Cash used in investing activities decreased slightly to INR 19,822 million (US$ 221 million) in Q3 FY26, and INR 79,406 million (US$ 884 million) for the nine months, reflecting strategic asset disposals, redemption of deposits, and selective investments in property, plant, and equipment. Cash generated from financing activities was INR 2,325 million (US$ 26 million) in Q3 FY26 and INR 20,118 million (US$ 224 million) for the nine months, reflecting a mix of lower borrowings and interest payments, partly offset by capital raised via shares and instruments from subsidiaries.
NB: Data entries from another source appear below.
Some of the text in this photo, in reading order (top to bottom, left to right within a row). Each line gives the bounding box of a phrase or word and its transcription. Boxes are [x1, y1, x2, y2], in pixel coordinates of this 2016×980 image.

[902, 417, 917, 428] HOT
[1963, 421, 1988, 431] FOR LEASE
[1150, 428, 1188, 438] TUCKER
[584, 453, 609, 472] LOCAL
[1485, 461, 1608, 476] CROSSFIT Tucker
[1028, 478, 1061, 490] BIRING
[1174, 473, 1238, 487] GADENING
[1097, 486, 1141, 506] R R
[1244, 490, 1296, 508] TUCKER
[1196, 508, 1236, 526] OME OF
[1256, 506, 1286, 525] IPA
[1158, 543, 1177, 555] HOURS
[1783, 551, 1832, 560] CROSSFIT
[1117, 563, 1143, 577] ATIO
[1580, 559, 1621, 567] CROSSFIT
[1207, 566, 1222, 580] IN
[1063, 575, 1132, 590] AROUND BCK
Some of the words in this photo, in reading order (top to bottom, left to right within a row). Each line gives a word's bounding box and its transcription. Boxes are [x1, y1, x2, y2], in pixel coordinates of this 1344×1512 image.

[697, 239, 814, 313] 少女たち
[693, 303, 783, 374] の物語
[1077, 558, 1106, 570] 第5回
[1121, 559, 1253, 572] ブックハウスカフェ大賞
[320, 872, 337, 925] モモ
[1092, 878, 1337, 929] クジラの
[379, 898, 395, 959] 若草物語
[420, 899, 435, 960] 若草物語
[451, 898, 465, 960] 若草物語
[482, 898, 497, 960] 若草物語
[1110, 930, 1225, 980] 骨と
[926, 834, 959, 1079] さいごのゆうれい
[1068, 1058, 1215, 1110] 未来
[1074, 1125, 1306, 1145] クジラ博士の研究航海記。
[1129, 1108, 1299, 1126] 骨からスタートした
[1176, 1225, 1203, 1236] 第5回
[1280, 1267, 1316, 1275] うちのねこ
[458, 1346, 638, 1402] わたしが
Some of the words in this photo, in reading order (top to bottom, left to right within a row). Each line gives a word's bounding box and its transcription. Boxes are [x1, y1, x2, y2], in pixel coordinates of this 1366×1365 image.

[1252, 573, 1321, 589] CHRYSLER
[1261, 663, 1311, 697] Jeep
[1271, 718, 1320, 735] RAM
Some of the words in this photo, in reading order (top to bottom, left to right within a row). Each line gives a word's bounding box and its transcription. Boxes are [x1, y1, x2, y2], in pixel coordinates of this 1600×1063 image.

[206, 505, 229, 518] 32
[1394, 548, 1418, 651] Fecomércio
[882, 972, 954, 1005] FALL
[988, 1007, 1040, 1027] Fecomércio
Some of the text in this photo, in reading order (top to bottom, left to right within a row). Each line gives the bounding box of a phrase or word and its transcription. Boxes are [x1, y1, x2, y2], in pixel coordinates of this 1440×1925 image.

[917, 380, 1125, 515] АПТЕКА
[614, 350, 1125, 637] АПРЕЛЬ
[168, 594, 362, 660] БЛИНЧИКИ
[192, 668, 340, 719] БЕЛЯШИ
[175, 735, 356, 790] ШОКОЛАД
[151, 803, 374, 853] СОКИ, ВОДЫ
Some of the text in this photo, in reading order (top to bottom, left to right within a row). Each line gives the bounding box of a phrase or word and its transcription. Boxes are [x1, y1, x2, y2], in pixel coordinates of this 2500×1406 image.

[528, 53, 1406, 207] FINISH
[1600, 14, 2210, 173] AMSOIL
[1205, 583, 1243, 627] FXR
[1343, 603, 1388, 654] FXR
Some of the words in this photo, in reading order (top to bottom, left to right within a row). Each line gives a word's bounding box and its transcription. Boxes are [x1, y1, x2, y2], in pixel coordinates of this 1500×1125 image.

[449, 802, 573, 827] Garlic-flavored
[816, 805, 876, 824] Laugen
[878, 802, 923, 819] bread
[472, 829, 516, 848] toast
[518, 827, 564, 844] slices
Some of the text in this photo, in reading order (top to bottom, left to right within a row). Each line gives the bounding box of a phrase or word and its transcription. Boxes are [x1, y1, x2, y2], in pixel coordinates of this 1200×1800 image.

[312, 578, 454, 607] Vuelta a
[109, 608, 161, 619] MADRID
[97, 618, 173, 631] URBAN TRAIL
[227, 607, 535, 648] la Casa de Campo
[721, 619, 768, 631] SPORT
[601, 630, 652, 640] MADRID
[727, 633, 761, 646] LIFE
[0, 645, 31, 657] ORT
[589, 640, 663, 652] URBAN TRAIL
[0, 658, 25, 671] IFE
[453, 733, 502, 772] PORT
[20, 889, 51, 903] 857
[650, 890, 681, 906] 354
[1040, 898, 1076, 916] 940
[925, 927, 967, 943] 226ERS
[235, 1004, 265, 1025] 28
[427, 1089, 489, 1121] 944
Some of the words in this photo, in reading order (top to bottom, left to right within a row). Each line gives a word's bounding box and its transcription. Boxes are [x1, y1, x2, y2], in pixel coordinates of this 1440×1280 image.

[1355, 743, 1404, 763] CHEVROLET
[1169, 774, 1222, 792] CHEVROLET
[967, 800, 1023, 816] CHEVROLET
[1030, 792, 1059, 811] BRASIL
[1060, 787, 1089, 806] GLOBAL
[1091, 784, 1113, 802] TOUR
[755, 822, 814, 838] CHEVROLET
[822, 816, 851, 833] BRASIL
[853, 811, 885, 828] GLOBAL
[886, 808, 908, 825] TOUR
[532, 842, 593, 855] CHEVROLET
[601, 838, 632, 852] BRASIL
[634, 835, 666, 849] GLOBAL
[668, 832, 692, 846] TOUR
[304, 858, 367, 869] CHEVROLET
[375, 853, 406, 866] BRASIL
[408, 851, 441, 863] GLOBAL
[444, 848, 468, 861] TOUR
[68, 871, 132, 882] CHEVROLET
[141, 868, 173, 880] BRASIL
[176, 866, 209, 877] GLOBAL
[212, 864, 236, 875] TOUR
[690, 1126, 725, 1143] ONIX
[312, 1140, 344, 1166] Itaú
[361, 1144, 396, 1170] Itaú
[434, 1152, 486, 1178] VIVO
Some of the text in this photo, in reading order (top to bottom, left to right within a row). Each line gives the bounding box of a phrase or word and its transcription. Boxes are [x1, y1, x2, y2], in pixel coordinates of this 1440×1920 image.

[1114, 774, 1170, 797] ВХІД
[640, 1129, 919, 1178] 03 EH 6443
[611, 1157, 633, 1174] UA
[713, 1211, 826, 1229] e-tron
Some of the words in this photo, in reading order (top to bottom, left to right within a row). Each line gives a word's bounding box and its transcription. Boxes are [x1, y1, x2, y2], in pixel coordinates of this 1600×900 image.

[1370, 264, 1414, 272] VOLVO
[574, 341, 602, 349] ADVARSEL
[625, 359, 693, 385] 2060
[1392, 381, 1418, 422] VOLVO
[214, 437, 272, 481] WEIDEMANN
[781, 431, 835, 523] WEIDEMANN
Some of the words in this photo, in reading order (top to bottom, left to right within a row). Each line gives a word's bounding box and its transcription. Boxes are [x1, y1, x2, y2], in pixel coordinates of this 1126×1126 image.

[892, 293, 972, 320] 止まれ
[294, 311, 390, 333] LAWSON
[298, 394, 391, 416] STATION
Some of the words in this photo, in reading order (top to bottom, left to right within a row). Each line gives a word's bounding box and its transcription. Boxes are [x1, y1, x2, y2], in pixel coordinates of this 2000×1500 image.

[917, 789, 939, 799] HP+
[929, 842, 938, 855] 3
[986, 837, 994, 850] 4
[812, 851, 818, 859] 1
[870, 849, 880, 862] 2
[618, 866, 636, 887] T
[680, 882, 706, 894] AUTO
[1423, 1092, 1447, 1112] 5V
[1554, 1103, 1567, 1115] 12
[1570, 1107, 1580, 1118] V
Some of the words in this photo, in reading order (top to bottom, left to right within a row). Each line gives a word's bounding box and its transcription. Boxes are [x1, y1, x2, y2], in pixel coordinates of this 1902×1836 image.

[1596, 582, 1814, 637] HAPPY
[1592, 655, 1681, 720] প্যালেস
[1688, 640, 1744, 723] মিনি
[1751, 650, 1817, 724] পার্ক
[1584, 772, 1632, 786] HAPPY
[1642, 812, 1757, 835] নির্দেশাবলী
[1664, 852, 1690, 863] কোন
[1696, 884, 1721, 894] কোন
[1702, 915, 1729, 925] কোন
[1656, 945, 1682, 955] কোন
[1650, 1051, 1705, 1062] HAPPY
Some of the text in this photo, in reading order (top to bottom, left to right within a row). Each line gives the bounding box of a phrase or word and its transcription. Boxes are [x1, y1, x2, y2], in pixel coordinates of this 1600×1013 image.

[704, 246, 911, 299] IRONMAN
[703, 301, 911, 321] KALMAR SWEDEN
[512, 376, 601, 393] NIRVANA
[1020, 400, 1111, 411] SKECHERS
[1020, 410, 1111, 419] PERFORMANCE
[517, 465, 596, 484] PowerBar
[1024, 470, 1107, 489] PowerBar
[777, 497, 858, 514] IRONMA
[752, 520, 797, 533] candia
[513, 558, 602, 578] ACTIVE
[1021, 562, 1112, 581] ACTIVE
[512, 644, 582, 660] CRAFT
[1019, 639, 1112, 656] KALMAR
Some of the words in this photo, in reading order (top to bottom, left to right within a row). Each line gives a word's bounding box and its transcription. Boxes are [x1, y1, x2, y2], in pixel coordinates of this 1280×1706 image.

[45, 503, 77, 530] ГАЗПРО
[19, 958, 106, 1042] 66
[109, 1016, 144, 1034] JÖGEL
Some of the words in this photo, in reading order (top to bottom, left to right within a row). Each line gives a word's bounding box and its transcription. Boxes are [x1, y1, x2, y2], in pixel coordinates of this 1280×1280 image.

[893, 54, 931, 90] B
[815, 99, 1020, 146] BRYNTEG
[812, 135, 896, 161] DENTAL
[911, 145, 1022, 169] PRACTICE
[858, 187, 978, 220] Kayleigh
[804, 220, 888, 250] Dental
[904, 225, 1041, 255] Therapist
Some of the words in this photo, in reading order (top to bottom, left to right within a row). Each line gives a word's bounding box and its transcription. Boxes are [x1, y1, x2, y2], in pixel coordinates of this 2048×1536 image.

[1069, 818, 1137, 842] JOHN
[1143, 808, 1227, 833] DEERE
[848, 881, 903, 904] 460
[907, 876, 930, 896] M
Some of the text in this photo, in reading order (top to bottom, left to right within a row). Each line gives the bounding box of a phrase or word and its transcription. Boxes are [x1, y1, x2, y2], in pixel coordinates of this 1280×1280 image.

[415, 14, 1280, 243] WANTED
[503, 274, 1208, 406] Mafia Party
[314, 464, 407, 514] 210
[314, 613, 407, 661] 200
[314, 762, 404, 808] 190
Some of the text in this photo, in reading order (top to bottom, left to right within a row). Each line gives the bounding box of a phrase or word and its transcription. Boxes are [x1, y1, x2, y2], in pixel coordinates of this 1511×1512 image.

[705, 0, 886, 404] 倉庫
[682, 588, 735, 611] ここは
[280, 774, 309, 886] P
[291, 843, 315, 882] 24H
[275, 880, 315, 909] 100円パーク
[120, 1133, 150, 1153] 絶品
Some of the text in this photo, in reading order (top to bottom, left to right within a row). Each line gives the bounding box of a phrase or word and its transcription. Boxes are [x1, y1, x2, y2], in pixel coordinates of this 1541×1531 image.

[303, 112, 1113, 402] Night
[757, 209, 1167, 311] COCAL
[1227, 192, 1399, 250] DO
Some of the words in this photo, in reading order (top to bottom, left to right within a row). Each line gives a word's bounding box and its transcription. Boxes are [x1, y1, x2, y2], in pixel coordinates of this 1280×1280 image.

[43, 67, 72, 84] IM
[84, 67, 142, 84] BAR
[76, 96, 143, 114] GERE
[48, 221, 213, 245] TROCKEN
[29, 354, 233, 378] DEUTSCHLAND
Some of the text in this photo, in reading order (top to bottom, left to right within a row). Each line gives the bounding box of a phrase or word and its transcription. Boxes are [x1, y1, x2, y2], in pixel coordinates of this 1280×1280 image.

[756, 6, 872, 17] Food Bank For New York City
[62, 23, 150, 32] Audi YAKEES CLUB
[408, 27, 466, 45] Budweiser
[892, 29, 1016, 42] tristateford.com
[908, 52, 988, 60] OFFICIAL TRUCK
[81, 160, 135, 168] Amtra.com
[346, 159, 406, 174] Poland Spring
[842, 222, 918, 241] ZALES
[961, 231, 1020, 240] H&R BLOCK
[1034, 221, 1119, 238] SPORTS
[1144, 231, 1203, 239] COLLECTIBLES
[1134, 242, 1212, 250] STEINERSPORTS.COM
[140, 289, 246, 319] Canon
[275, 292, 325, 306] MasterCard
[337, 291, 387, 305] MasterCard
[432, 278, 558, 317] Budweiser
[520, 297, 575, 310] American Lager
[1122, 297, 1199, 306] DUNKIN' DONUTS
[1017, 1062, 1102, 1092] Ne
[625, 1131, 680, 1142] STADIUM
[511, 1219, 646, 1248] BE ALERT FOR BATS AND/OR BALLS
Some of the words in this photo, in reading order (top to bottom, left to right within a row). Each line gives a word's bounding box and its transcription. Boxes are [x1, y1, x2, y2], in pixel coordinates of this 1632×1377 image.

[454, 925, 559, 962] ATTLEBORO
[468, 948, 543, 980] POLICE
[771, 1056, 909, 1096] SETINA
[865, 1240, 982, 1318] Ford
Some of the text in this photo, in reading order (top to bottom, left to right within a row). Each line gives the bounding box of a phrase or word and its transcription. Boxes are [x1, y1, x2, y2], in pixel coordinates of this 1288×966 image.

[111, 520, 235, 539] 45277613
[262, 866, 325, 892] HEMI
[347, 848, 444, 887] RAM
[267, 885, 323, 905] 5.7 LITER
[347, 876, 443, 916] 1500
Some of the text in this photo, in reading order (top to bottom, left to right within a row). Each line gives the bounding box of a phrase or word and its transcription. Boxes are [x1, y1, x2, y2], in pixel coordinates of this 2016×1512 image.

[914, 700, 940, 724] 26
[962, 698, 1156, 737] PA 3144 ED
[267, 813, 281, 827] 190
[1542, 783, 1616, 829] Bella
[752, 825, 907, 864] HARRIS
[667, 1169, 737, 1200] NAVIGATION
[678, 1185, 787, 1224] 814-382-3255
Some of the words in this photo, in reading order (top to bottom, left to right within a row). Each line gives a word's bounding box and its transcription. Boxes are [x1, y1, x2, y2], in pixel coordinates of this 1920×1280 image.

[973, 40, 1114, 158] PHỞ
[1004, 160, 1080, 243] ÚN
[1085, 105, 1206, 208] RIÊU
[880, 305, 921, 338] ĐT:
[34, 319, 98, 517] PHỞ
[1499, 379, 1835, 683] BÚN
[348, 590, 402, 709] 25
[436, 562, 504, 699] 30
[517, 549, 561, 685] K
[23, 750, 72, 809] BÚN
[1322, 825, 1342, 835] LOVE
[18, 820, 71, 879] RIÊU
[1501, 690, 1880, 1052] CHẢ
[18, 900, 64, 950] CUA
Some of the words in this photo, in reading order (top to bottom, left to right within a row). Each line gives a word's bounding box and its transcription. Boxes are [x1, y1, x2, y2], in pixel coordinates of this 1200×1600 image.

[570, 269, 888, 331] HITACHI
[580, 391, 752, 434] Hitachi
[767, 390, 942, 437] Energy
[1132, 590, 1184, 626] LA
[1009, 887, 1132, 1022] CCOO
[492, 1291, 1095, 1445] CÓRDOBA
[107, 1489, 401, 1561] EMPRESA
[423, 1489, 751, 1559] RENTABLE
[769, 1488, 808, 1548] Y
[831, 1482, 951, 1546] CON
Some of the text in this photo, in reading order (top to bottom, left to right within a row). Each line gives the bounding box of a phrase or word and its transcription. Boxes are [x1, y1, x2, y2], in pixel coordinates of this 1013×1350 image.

In Q3 FY26, capital expenditure totaled INR 24,957 million (US$ 278 million) for the commissioning of 50 MWs of solar and 238 MWs of wind projects. For the first nine months, capex amounted to INR 78,882 million (US$ 878 million), enabling the commissioning of 751 MWs of solar and 578 MWs of wind projects.
FY26 Guidance
ReNew has revised its FY26 guidance and expects to complete the construction of 1.8–2.4 GWs by the end of the fiscal year. Adjusted EBITDA and cash flow to equity are expected to be influenced by weather and resource availability. The Company anticipates net gains from the sale of assets under its capital recycling strategy and expects external sales from solar module and cell manufacturing to contribute INR 11–13 billion to adjusted EBITDA in FY26.
The Company projects adjusted EBITDA for FY26 at INR 90–93 billion and cash flow to equity of INR 14–17 billion.
Outlook
With its strengthened operational portfolio, expanding manufacturing capabilities, and improved financial performance, ReNew Energy Global Plc is well-positioned to continue driving growth in renewable energy generation and decarbonization solutions. The Company’s focus on capital recycling, operational efficiency, and manufacturing expansion supports its long-term strategy of sustainable, profitable growth in the global clean energy sector.